As well as writing and producing the majority of the show's material himself, the Channel 4 version of the series also featured regular performances from Al Murray, who played Harry's older brother, Alan, Burt Kwouk, who appeared as himself, Steve Bowditch, who played Harry's chief scientist, Finsbury Park, and Matt Bradstock, who played Harry's three year  old adopted son, Alan Hill Jr. Each episode was introduced by Barrie Gosney.

Each episode would also include regular features, such as Burt Kwouk performing "Hey Little Hen", the Badger Parade, Harry reading the news disguised as Zeinab Badawi, and occasionally, a tale from Nana Hill, Harry's eighty two year old nan. The Channel 4 version ran for three years, between 30 May 1997 and 24 April 2000, and spawned three series. The Channel 4 series was produced by Avalon Television.

To tie in with the series, Channel 4 released a book, Harry Hill's Fun Book, for Christmas 1998.

ITV1 (2003)

Following the success of Harry's latest television series, TV Burp, which was broadcast on ITV, ITV decided to recommission the series for themselves, purchasing the rights from Channel 4. For the revival, the show was retitled The All-New Harry Hill Show, and a series of six episodes were broadcast between 9 February and 16 March 2003.

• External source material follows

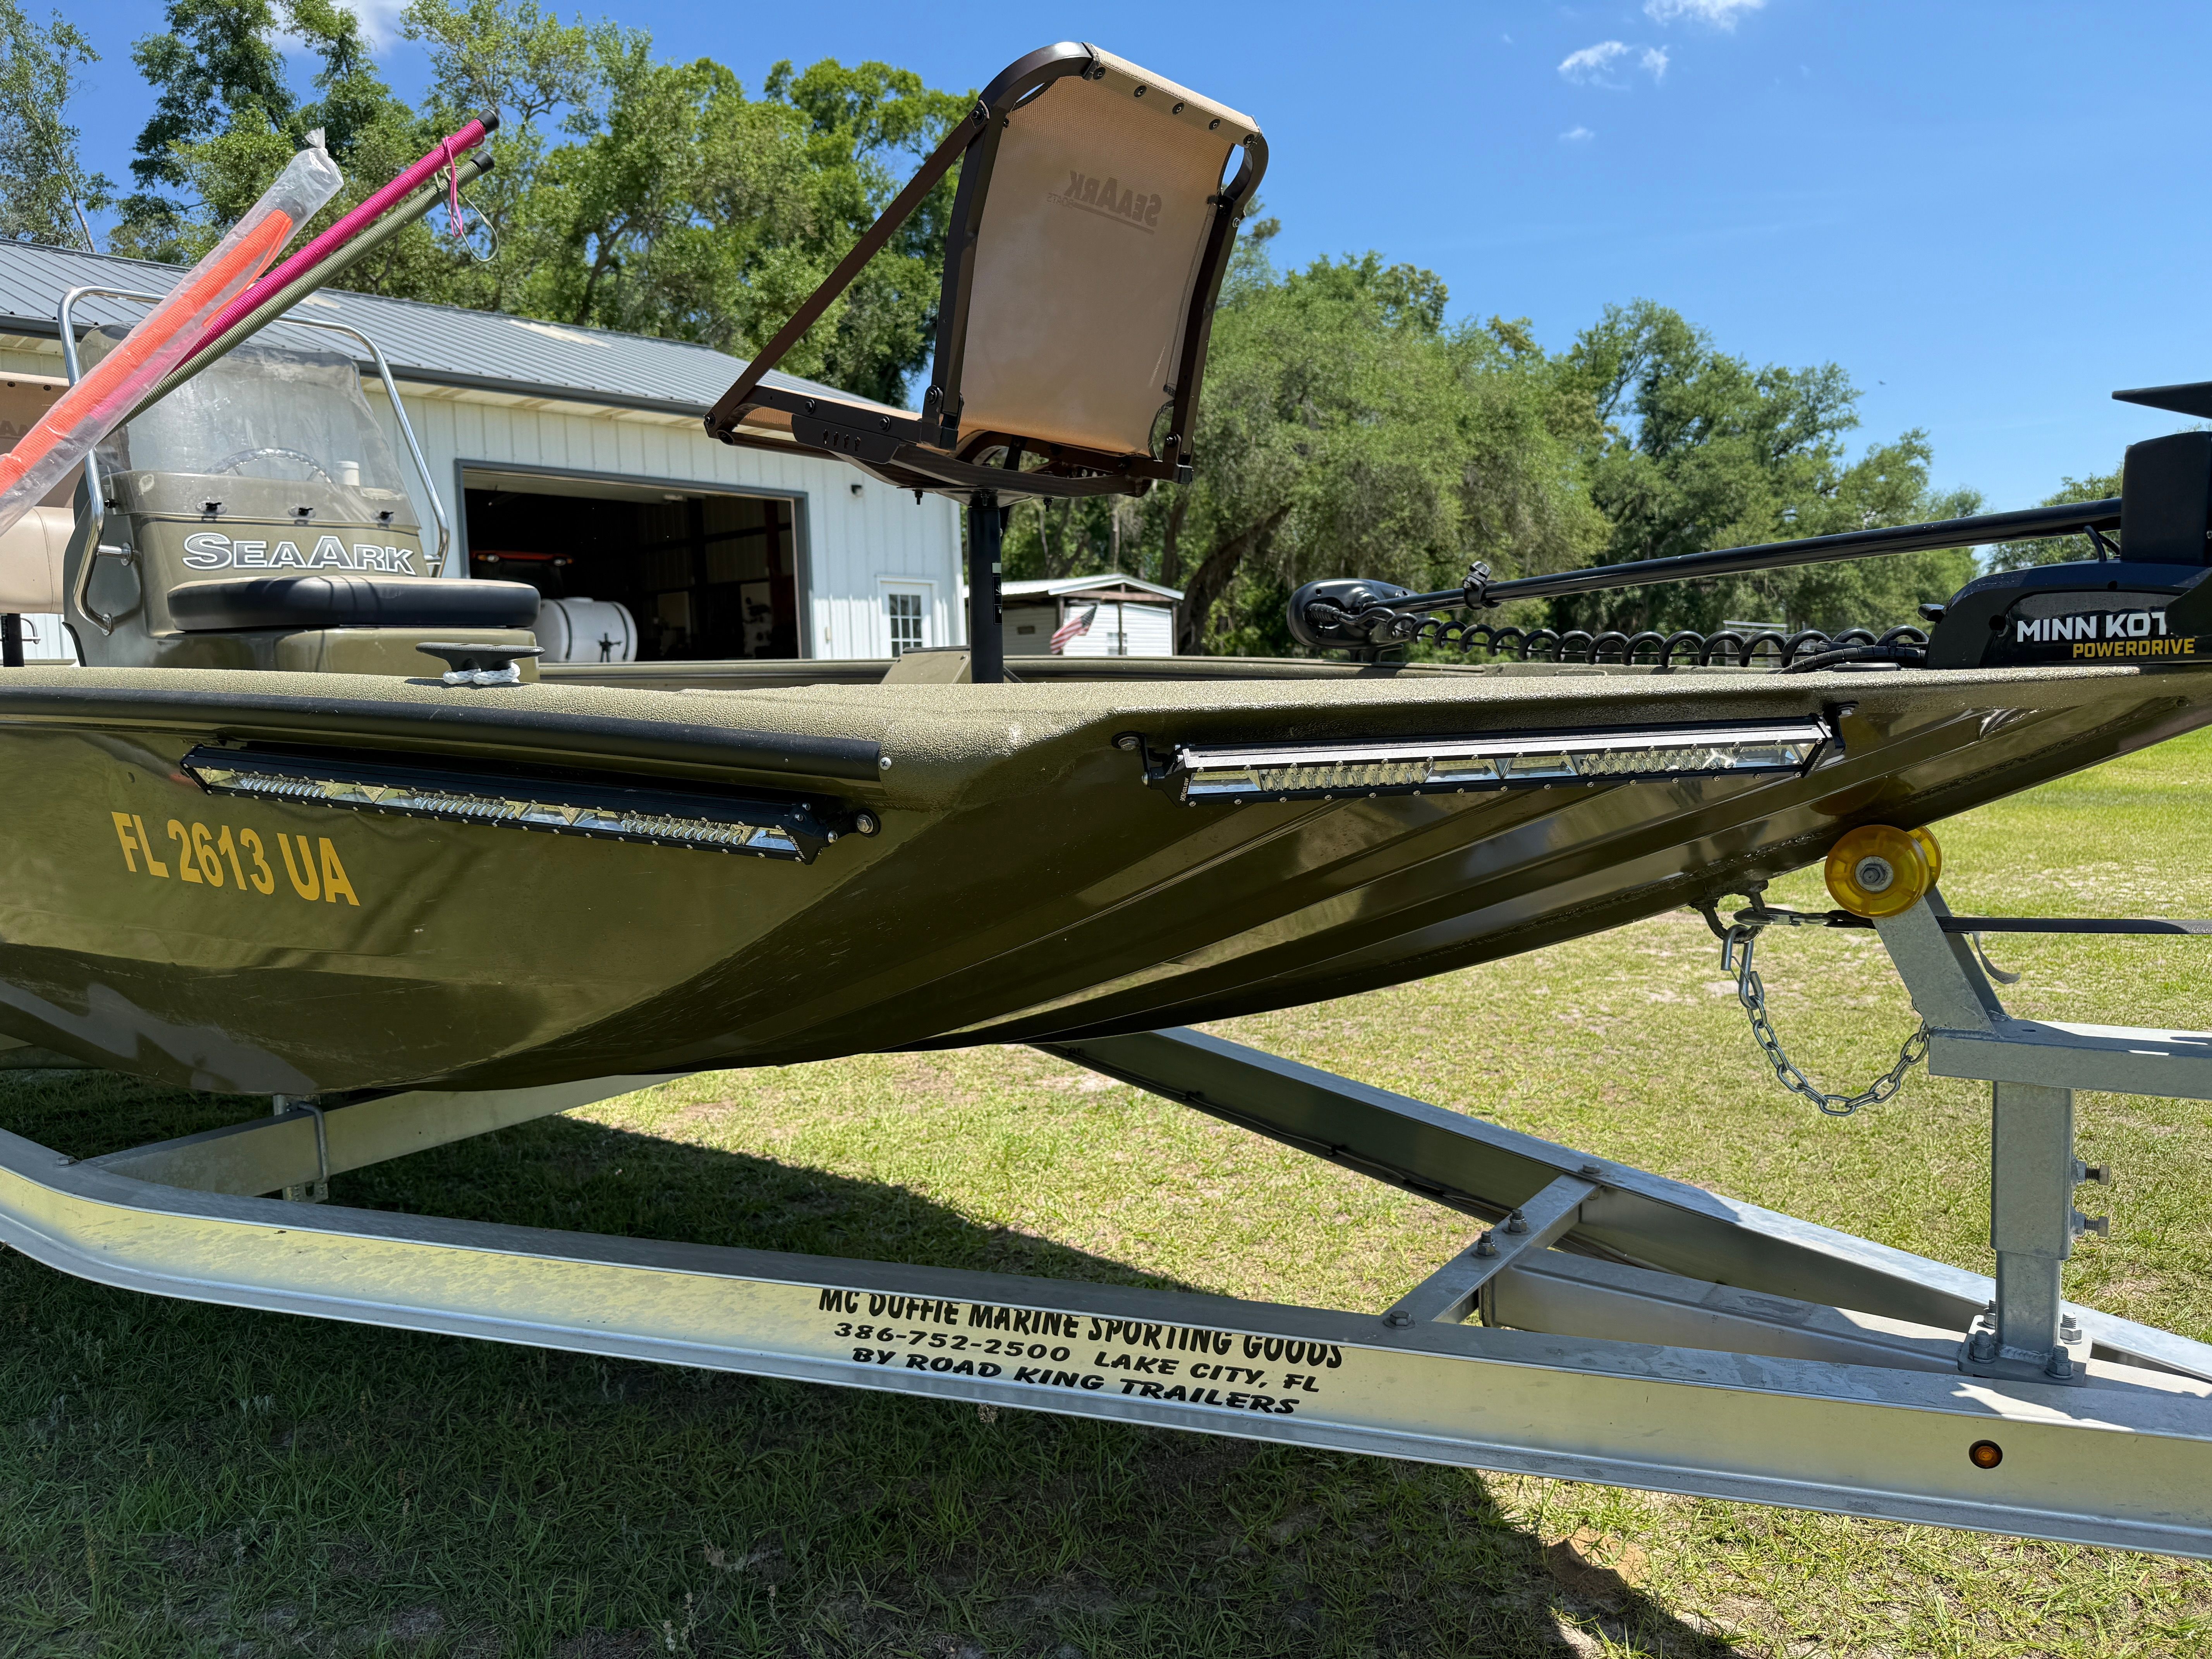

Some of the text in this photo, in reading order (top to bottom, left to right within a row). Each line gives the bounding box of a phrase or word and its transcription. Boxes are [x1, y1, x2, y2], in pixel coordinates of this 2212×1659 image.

New features for the revival included "The Hamilton Challenge", where each week Neil and Christine Hamilton would take on one of a number of different challenges; "Celebrity hobby that you didn't know about.... but will in a minute".

This was in which Harry would invite a celebrity on, who would then reveal their secret hobby, and the Bouncy Castle, whereby the show would end with the entire audience coming on stage, and bouncing on a giant bouncy castle. Although viewing figures were high enough, ITV decided not to commission a second run, due to fans of the original Channel 4 series expressing distaste for what was dubbed the "poor ITV revival".

Revival (2012)
In June 2012, as part of Channel 4's upcoming Funny Fortnight, Hill revived the series, and filmed a spoof documentary, entitled Whatever Happened to Harry Hill?. The documentary features the story of the original Channel 4 series, and includes interviews with Alan Hill (Al Murray), Burt Kwouk and the Badgers.

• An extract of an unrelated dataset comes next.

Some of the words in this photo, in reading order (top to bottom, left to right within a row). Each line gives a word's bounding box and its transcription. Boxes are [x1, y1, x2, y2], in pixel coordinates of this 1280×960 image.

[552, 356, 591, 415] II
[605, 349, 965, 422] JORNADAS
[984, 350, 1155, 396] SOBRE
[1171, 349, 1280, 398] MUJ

The documentary reveals the story in a spoof light, claiming that Hill was in fact the cause of the show's demise, when it was in fact Channel 4's budgetary restraints, and an upcoming deal with ITV which led to its cancellation, fake stories of Hill becoming addicted to Sild and abusing cast members, and a pair of new sketches, dubbed as the "rewritten ending".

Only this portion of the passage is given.